The Penguin Book of Christmas Stories: from Hans Christian Andersen to Angela Carter

An anthology of great and not-so-great short stories

I finished this book on 30 December 2019, the very last book of the year, and the decade indeed. My reading journey of this book was a combination of being deeply moved, excited, and bored altogether. There are a lot of the stories that I love and would like to read it again next Christmas and the stories that I wish I would not spend my precious time on them.

However, it was a good book to read during Christmas time and I was not, in fact, a ruler that has an ultimate say of the value in each work. Some of you might enjoy a piece that I find boring; that is how human works.

So now, I would like to introduce you to my favourite stories in this anthology and give a brief note to each work to clarify the reason why I like it.

The favourites (ranked by the order of appearance in the book)

1. The Fir Tree by Hans Christian Andersen
Here, Andersen turns the bright, heart-warming, and wonderful celebration into a quite dark and sad one. I was surprised that Jessica Harrison chose this story to be the first one. But it does make the reader second guess the cheerful nature of Christmas.
The story follows the fate of a fir tree who wishes to be used as a Christmas decoration but it is not pretty as the tree thought it would be. With this unfortunate life of the tree comes a valuable moral lesson for children as many of Andersen works are intended for the young reader. And it makes me wonder of how a child that was reading this would grow up to be?

2. A Christmas Party and a Wedding by Fyodor Dostoyevsky
This, quite like the preceding story, does not convey much of the joyful celebration. It uses the celebration to shed light on a dark corner of the society, or to be precise, of Russian upper class. Dostoyevsky uses a Christmas party as a background and let his depiction of certain ways of interaction between people of different classes: a poor being picked on by a rich man, a snobby elite trying to impress a wealthier elite, and a very rich getting what he wants by using his influence. Christmas for Dostoyevsky was surly cold and dark.

3. Midnight Mass by Joaquim Maria Machado De Assis
This story is so deep that I don’t fully understand its sophisticated meaning at first. I mean, I know how the story goes and thought that it was just a conversation between a woman and a younger man. But when I searched for an analysis of the piece, I suddenly saw the hidden subtext of what’s really going on. And that amazed me so much.

4. The Legend of the Christmas Rose by Selma Lagerlöf
This is finally a Christmas story I expected to read! It is told in the form of a fairy tale. It’s a story about giving another chance to those rejected by society and deemed too evil to change. It has a memorable scene of magical tropical garden suddenly emerging in dark, cold winter night. It’s the story about redeeming oneself and has a new beginning. It’s a perfect Christmas tale!

5.   Noël by Irène Némirovsky
Némirovsky takes on a writing technique I seldom see. She tells the story as if she is describing a film. She cooperates film elements, the intro, the slow panning of the camera, the song in the background, the sudden changes of scene mid-conversation. It’s so refreshing and new to see a new way to tell a story. Though the plot is for me a little bit cheesy, I love the way this cheesy story is told.
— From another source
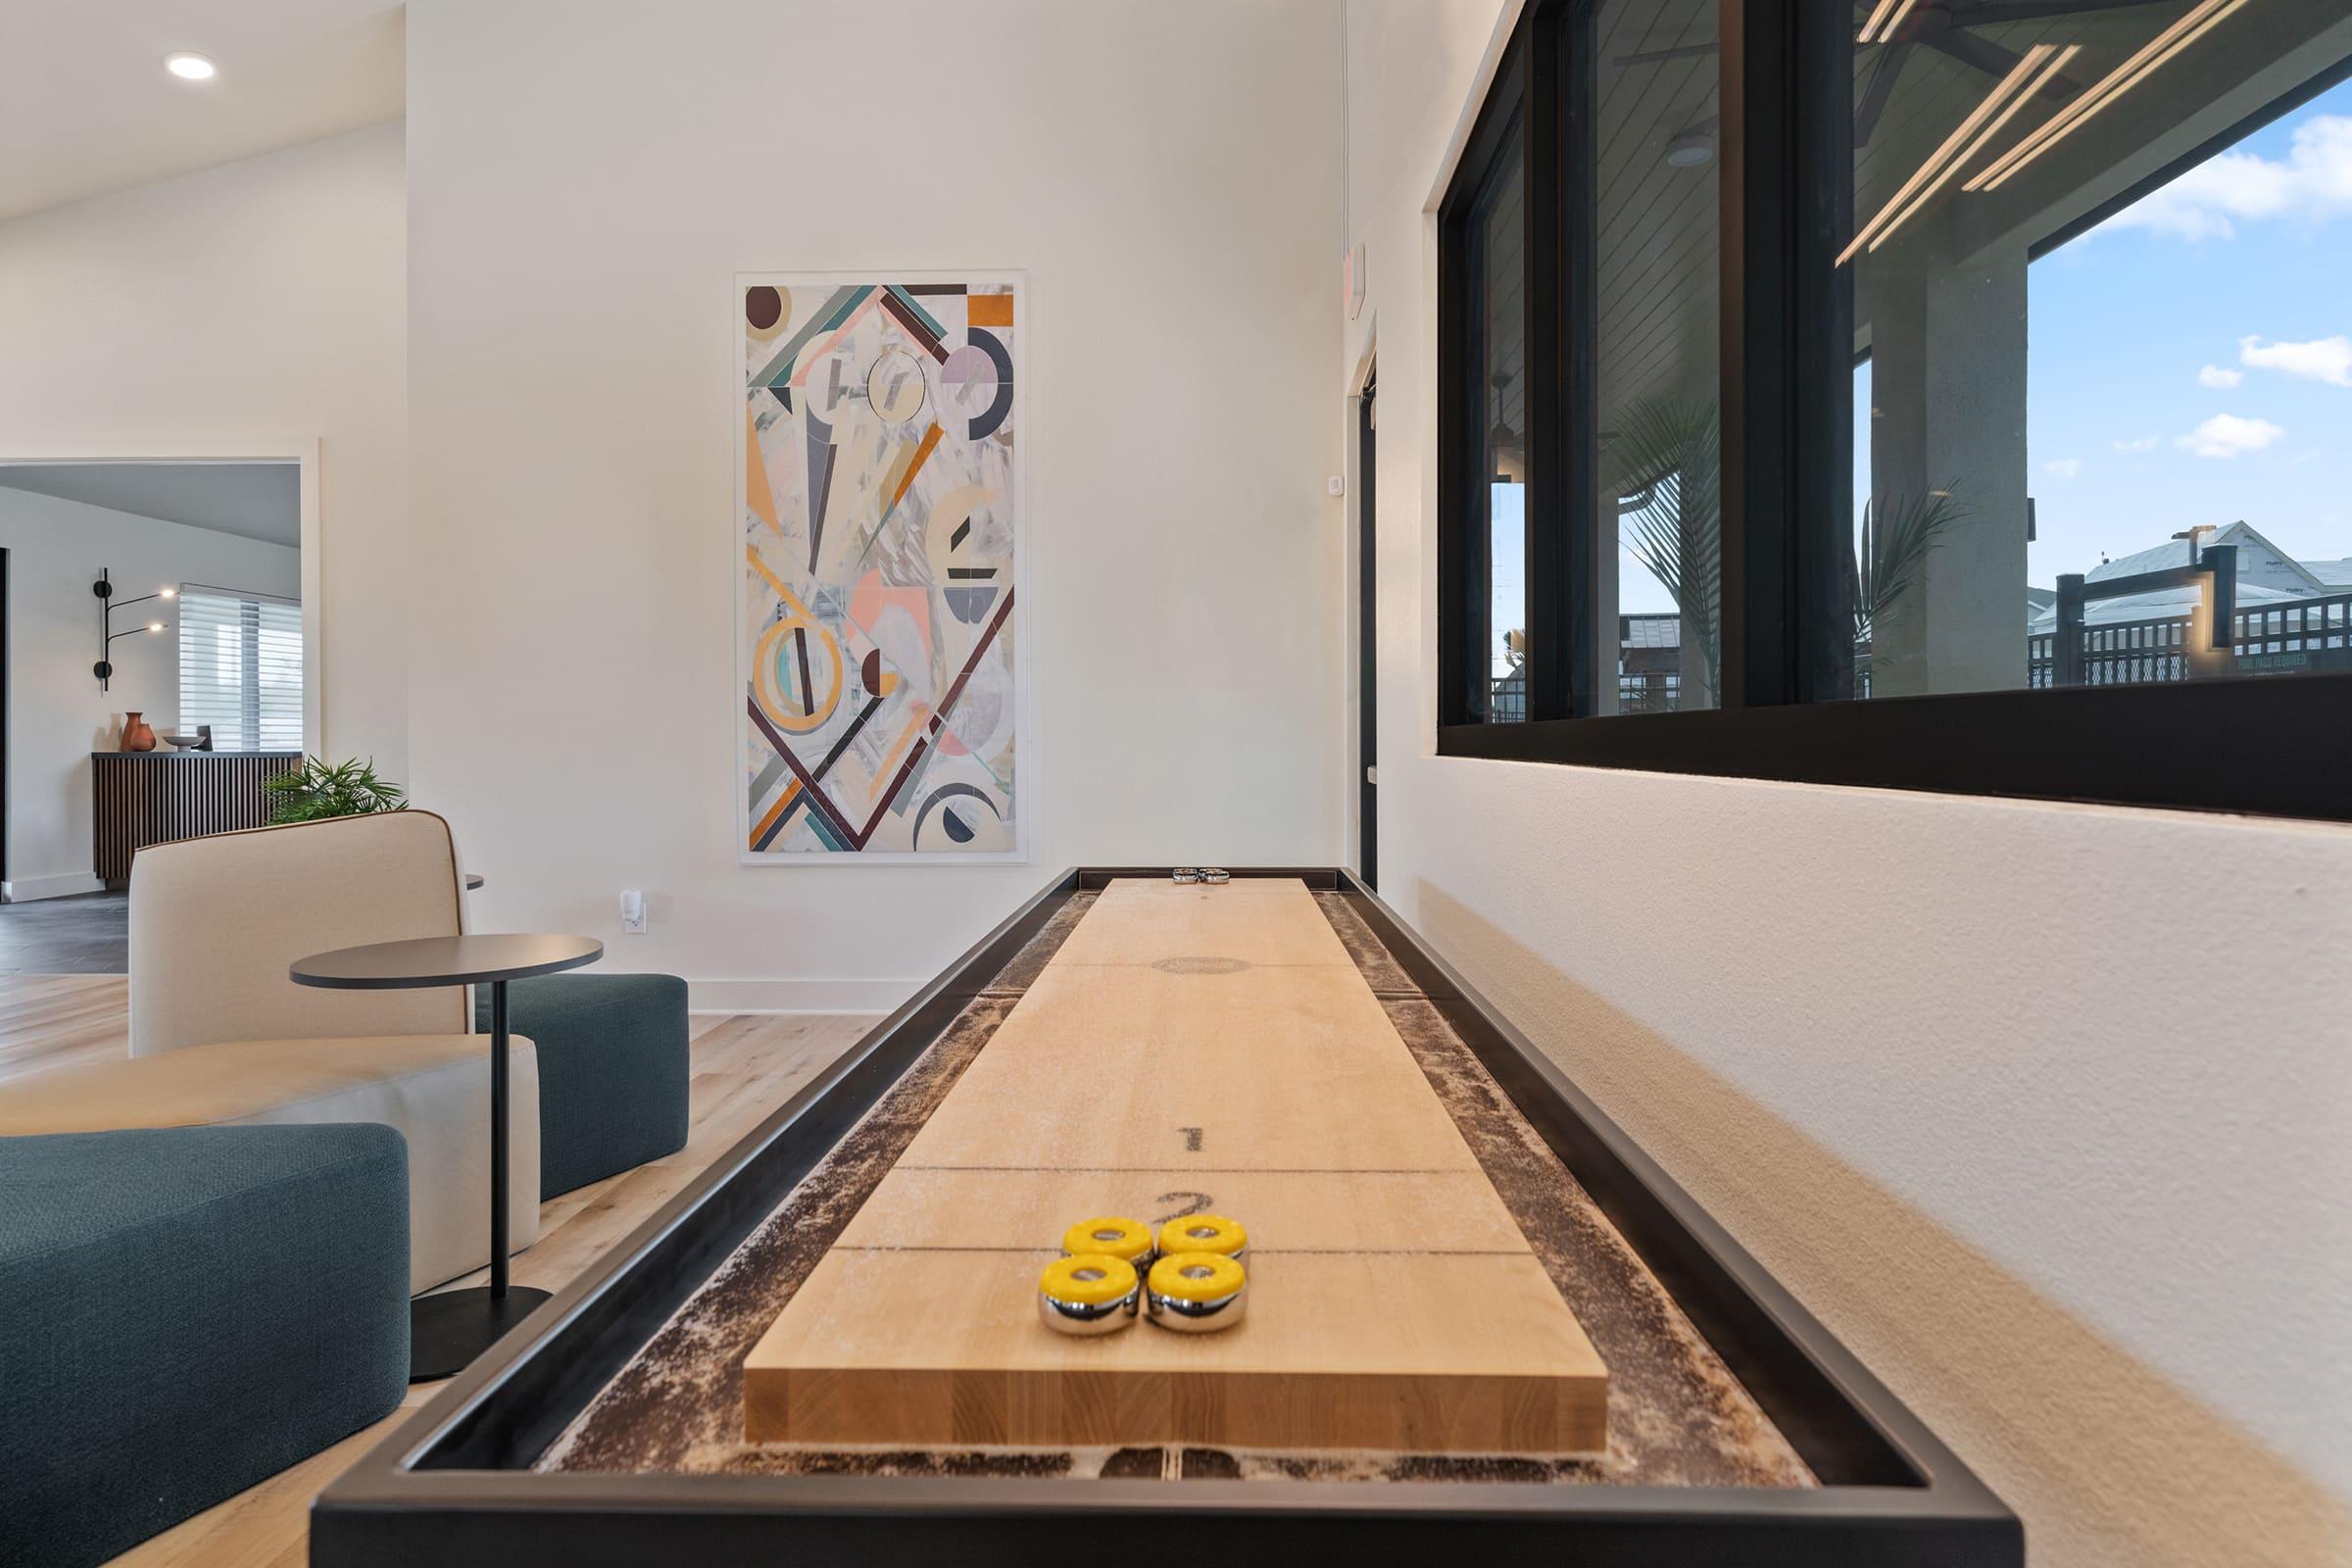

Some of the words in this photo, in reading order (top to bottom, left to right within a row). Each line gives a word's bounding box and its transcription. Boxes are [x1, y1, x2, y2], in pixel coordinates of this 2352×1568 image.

6. One Christmas Eve by Langston Hughes
Christmas is a joyful time of the year indeed. But did African-American people in the period of segregation agree to that statement? One Christmas Eve will tell how hard it is to keep the spirit of Christmas while being a black person.

7. The Christmas Turkey by Mário de Andrade
This. Everyone. This. This short story touches me so much. As a son who loves his mother so much and always insists she having nice things when all she has ever got are second best/ hand-me-down stuff, I do sympathize with the narrator. In the story, the women of the house who always serve as housewives have to cook a turkey for Christmas but never get to taste it, for they were women. After the death of the father, head of the house, the good-for-nothing son suggests they have turkey for Christmas and encourage, despite their reluctance, them to eat, because he wants them to be truly free from his father patriarchal dominance in the house, and be happy for once. Christmas here is used as the moment when toxic masculinity is lifted off this family. What a merry celebration!

8. Christmas Morning by Frank O’Conner
An autobiography covering the event when O’Connor unexpectedly transgresses the border of childhood. One Christmas Morning will change the way he lives his life and his perception of his mother, and eventually, himself.

9. The Gift by Ray Bradbury
Bradbury projects a depiction of Christmas in the age when space travelling is common. Though it is a different time in a long future, Christmas preserves the love, care and warmth of a family still.

10. A Christmas Memory by Truman Capote
I cried while reading this. The short story is a real tear-jerker, a child’s memory of a warming past with someone important, and joyous mundane events. And boys, nothing shots right to your feeling like a happy childhood reminiscence narrated with a slight hint of an urge to go back to the good old days.

11. Christmas Eve by Sophia De Mello Breyner Andersen
It was a magical reading for me. A story of passing what you have forward during Christmas time tied with elements of the nativity. The scene in the forest painted by the author was so heavenly beautiful that while I was reading the final part, there was no sound but the song of We Three Kings ringing in my ears.